В чем кайф сегодняшнего?

Очень просто. Вот мы видим, что происходит вокруг, и всё понимаем, да? Нам это не всегда нравится, так?

Мягко говоря.

Вот! Но это же эмоция! Я фиксирую эту реальность и передаю ее суть через эмоции. И сразу всё понятно. Как же можно этому не радоваться, как это — игнорировать? Нужно ловить эмоции, какими бы они ни были. Только делать это надо по принципу «разуй глаза — обуй ноги». Это девиз моей молодости.

Снова актуален?

Всегда актуален.

Вы помните, когда больше всего работали?

Да, кажется, это был 1989 год.

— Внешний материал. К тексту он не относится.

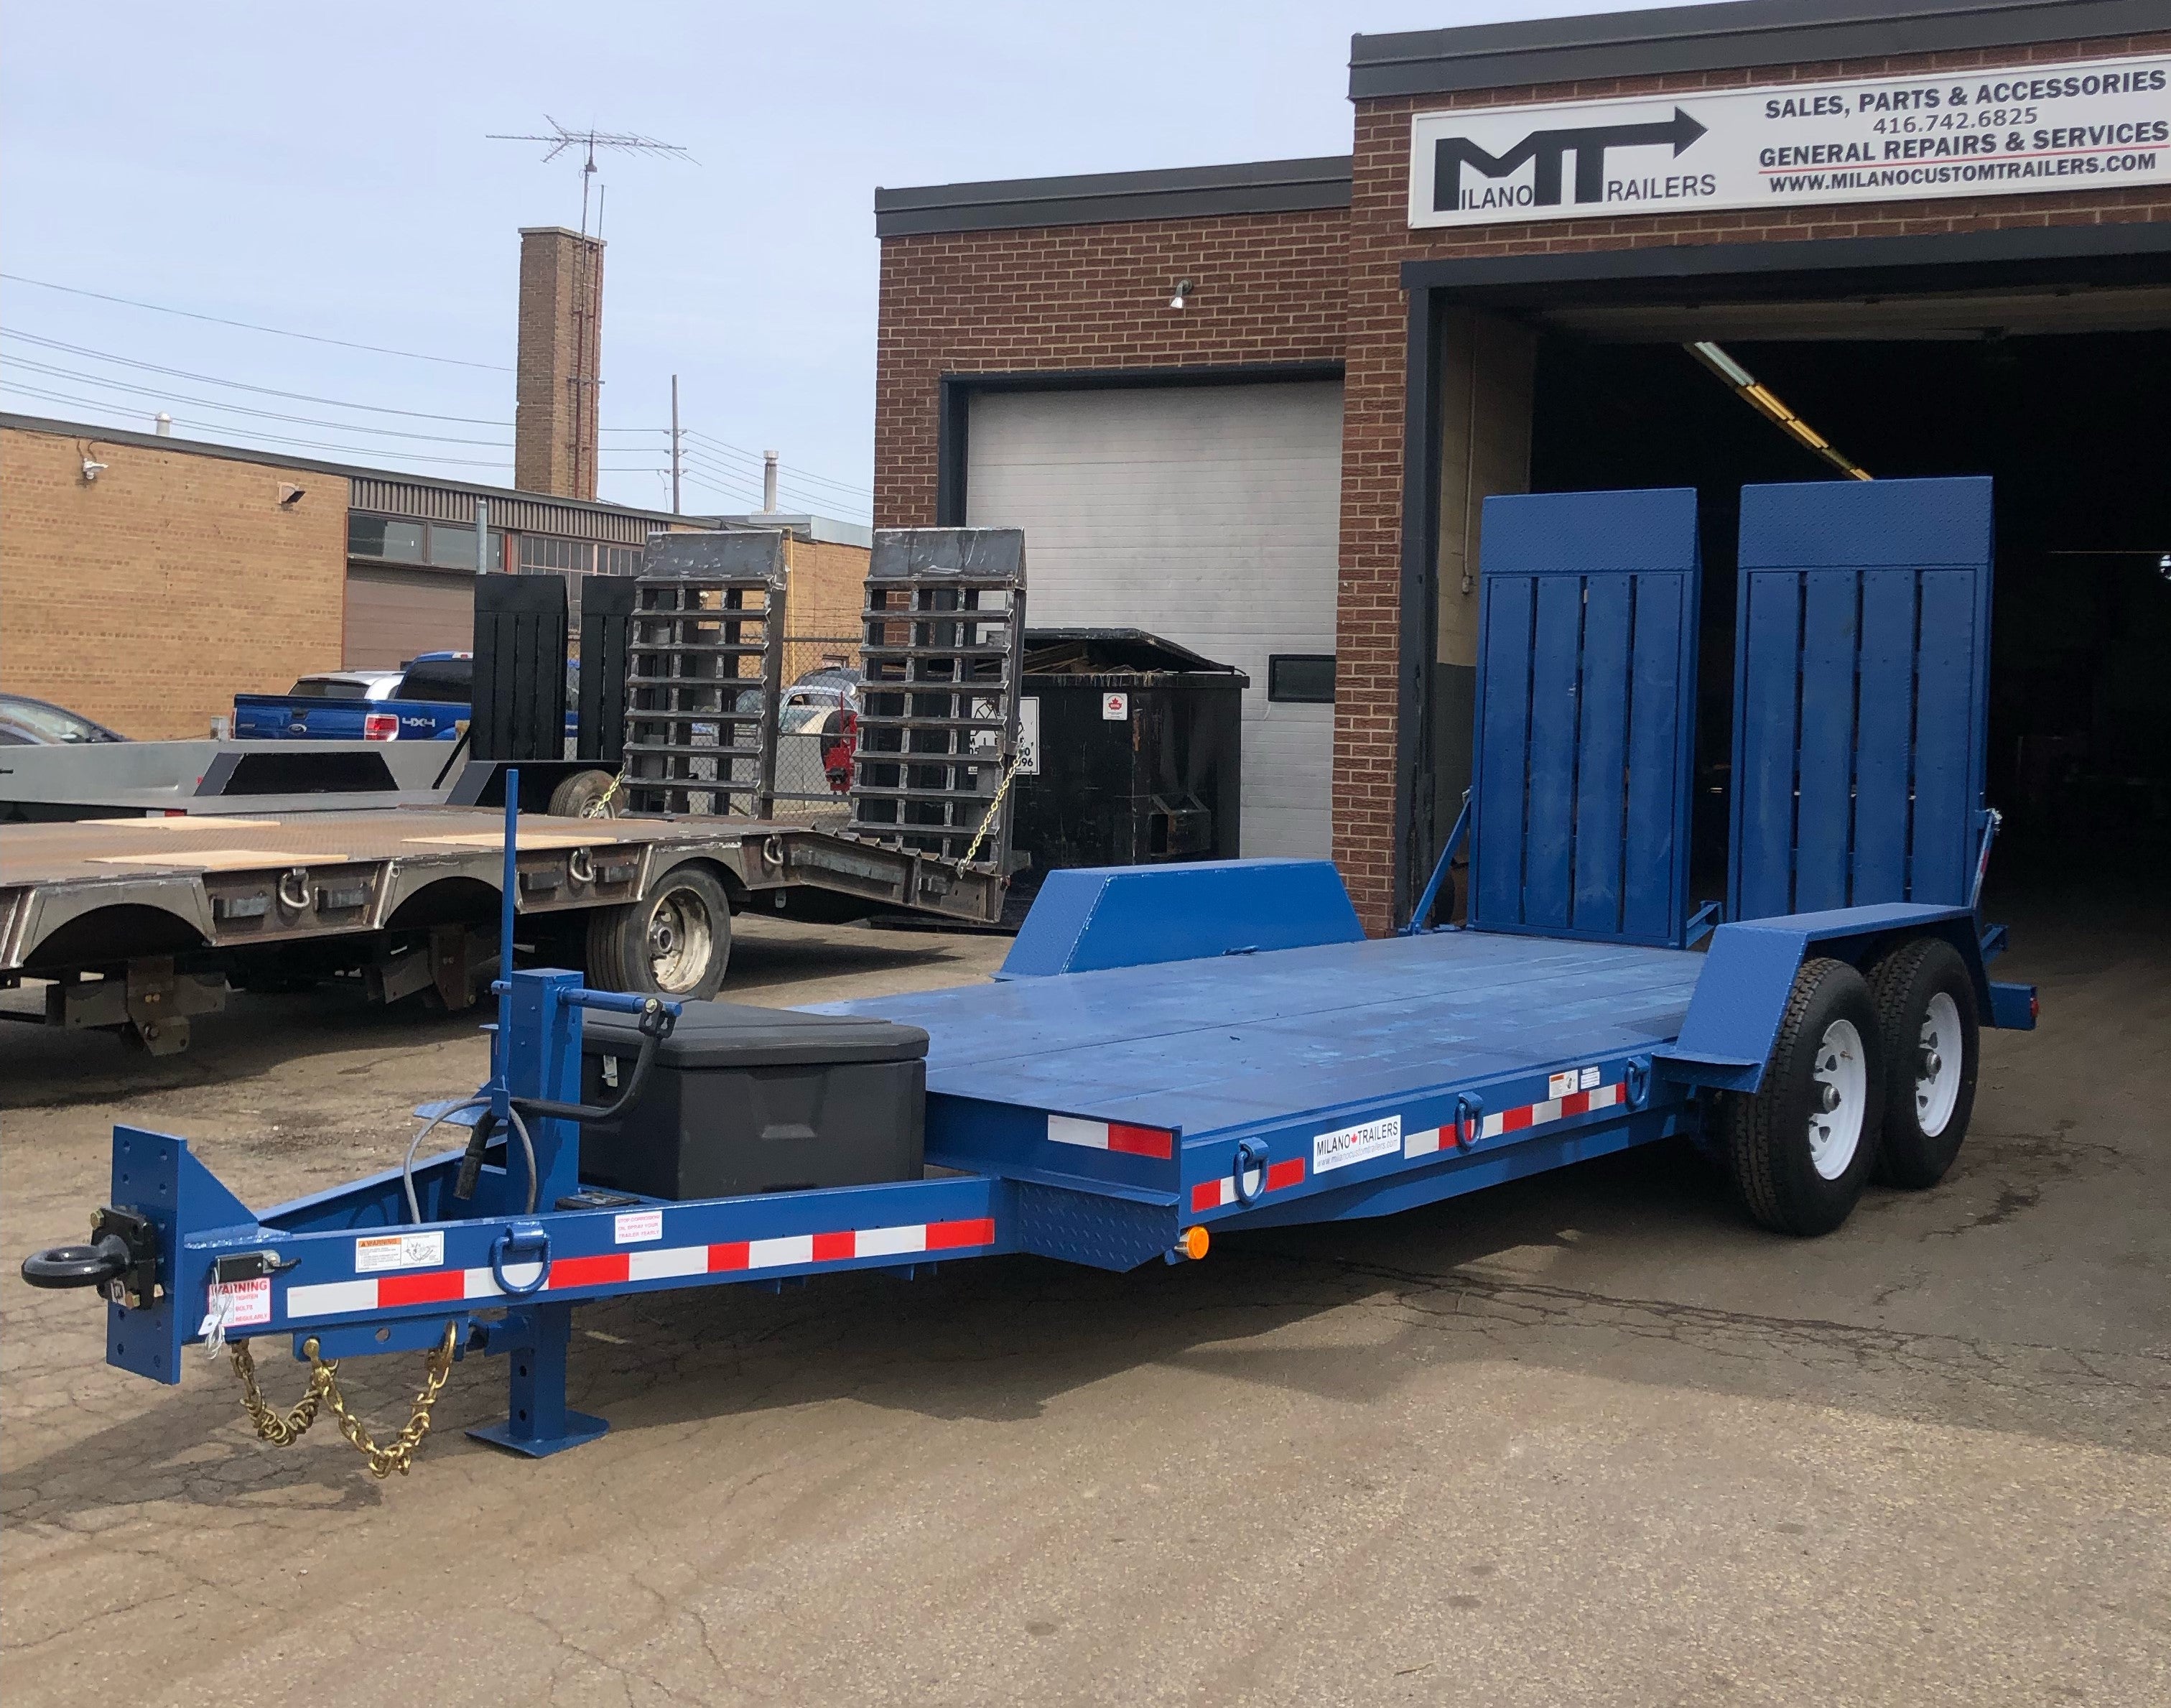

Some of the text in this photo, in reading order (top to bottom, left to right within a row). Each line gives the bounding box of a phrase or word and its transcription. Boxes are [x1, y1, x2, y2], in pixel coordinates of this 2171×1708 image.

[1765, 69, 2167, 119] SALES, PARTS & ACCESSORIES
[1872, 106, 2038, 135] 416.742.6825
[1759, 120, 2170, 167] GENERAL REPAIRS & SERVICES
[1769, 152, 2157, 193] WWW.MILANOCUSTOMTRAILERS.COM
[1316, 1120, 1398, 1157] MILANO TRAILERS
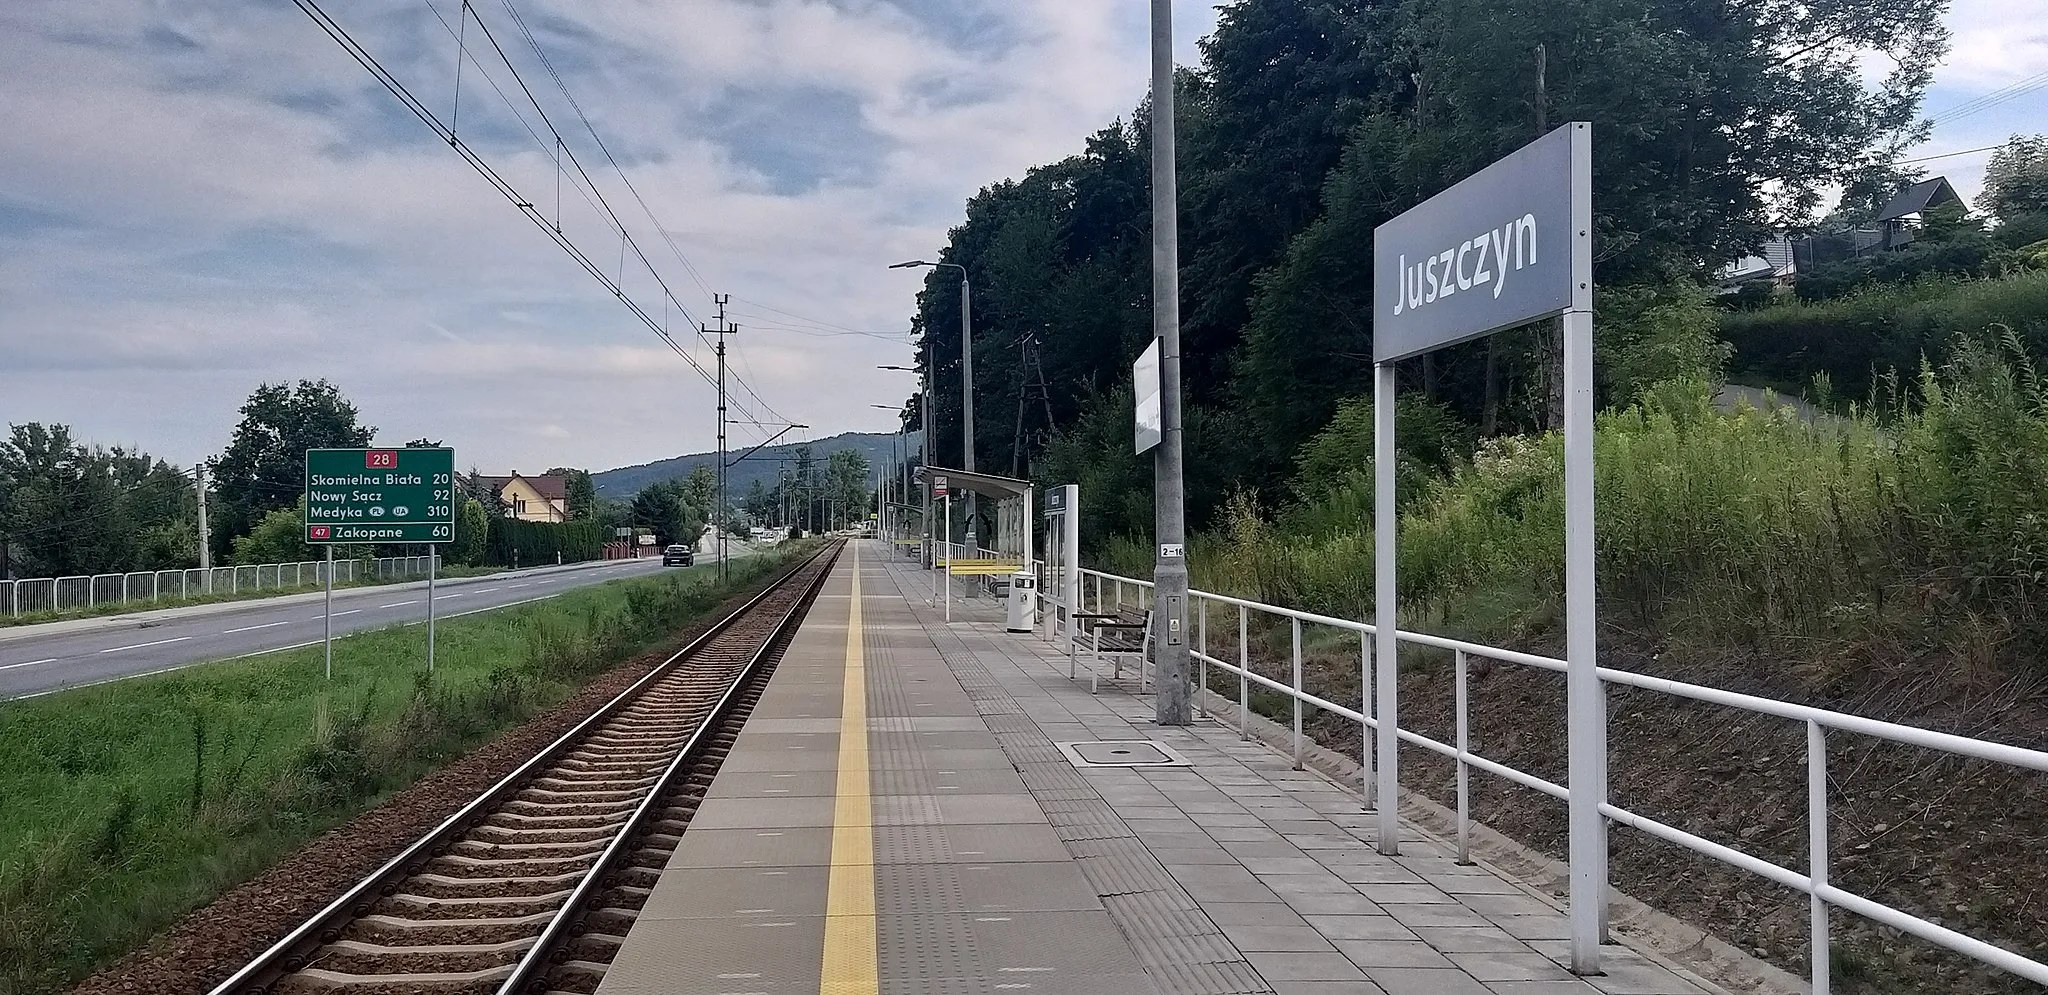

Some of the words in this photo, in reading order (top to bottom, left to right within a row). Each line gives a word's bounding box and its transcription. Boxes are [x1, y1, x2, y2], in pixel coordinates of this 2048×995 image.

[1393, 213, 1537, 316] Juszczyn
[373, 454, 390, 465] 28
[311, 474, 380, 486] Skomielna
[386, 473, 422, 485] Biała
[432, 473, 449, 485] 20
[311, 490, 347, 504] Nowy
[352, 490, 382, 504] Sącz
[433, 489, 450, 501] 92
[310, 506, 363, 520] Medyka
[427, 505, 449, 517] 310
[315, 528, 325, 537] 47
[335, 526, 403, 540] Zakopane
[432, 525, 449, 537] 60

Почему-то тогда все мои друзья, знакомые, знакомые знакомых — короче, вся наша элита разом решила валить из страны. И Ваня Чуйков, и Эрик Булатов, и Кабак (художник Илья Кабаков), и Эдик Штейнберг. Я страшно тогда перепугался и пахал как одержимый, делая по портрету в неделю. Кажется, что это невозможно, но я легко в таком режиме существовал, потому что все эти портреты давно сложились у меня в голове, нужно было только нажать на кнопку. Я вообще на каждый портрет трачу не больше пятнадцати минут, в редких случаях полчаса. Многих своих героев я и вовсе снимал, что называется, с рук, то есть без штатива. Это была в прямом смысле ручная работа. У меня, как у любого нормального фотографа, мания величия, поэтому мне всегда хочется сделать кадр, который останется на века. Я свои портреты делаю для того, чтобы через пятьдесят лет люди посмотрели на них и спросили: «А кто их снимал?» По моим фотографиям каждую эпоху можно узнать «по запаху» — они ею насквозь пропитаны.

Эрик Булатов

Хороший фотограф должен сам любить фотографироваться?

Он должен не любить, а уметь это делать. Фотограф, который сам не умеет сниматься, не фотограф, а говно. Если ты не понимаешь, что происходит по ту сторону камеры, никогда ничего путного не снимешь. У меня есть несколько автопортретов — они в основном появлялись, когда заканчивалась пленка и оставалось два-три кадра, которые нужно было израсходовать. Так что последний кадр всегда тратил на себя, чтобы тут же в лаборатории начать проявлять пленку. Всё-таки я жил еще в такое время, когда и пленки был дефицит.

Кто сделал ваш самый удачный снимок?

Есть очень хороший портрет работы Оксаны Макаровой, дочери моего близкого друга Саши Макарова. Она сделала его в Сургуте лет пять назад. Еще люблю свой автопортрет, где я с усами как у Дали — он есть здесь, на выставке. Другой удачный снимок сделал мой ученик Сережа Ястржембский во время нашего совместного фотопроекта «Венецианский триалог» в «Новом Манеже» — я на этой фотографии смеюсь как сумасшедший, потому что Сережа меня до смерти защекотал. Представляете, методы?